Restate word for word the lines beginning with the one that contains "this 1000×1500 image." and ending at the bottom of the records below, both included.

▼

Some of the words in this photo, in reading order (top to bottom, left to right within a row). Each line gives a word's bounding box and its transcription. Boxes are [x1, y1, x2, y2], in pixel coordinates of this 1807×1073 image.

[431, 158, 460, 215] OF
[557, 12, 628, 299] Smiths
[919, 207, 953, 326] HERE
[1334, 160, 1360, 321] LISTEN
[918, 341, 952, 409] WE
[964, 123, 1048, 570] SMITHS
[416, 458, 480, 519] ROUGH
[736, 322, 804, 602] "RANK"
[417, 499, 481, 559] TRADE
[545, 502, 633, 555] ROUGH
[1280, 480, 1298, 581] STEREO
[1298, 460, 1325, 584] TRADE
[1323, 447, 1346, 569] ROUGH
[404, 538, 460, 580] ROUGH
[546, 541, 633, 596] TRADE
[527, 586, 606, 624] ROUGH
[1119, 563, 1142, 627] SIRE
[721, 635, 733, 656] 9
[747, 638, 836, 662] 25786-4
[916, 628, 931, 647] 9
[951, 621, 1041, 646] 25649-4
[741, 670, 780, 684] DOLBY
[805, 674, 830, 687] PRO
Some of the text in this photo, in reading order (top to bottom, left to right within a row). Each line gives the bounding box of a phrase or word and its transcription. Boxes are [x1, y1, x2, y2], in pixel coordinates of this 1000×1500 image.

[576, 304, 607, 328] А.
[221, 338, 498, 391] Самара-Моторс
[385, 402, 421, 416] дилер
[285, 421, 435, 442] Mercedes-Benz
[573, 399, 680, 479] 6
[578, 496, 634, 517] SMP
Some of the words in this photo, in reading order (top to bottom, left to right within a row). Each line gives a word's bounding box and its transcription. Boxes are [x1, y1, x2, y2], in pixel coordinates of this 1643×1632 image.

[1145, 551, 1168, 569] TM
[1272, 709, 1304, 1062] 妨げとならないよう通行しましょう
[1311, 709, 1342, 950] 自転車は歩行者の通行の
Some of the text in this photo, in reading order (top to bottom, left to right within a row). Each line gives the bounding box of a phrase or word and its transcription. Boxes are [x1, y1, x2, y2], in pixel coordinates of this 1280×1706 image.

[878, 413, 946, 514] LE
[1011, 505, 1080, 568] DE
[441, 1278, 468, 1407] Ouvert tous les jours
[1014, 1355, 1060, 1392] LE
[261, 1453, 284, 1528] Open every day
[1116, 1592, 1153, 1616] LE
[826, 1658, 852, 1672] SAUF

▲

■ **Written response**
Some of the text in this photo, in reading order (top to bottom, left to right within a row). Each line gives the bounding box of a phrase or word and its transcription. Boxes are [x1, y1, x2, y2], in pixel coordinates of this 1000×1500 image.

[576, 304, 607, 328] А.
[221, 338, 498, 391] Самара-Моторс
[385, 402, 421, 416] дилер
[285, 421, 435, 442] Mercedes-Benz
[573, 399, 680, 479] 6
[578, 496, 634, 517] SMP
Some of the words in this photo, in reading order (top to bottom, left to right within a row). Each line gives a word's bounding box and its transcription. Boxes are [x1, y1, x2, y2], in pixel coordinates of this 1643×1632 image.

[1145, 551, 1168, 569] TM
[1272, 709, 1304, 1062] 妨げとならないよう通行しましょう
[1311, 709, 1342, 950] 自転車は歩行者の通行の
Some of the text in this photo, in reading order (top to bottom, left to right within a row). Each line gives the bounding box of a phrase or word and its transcription. Boxes are [x1, y1, x2, y2], in pixel coordinates of this 1280×1706 image.

[878, 413, 946, 514] LE
[1011, 505, 1080, 568] DE
[441, 1278, 468, 1407] Ouvert tous les jours
[1014, 1355, 1060, 1392] LE
[261, 1453, 284, 1528] Open every day
[1116, 1592, 1153, 1616] LE
[826, 1658, 852, 1672] SAUF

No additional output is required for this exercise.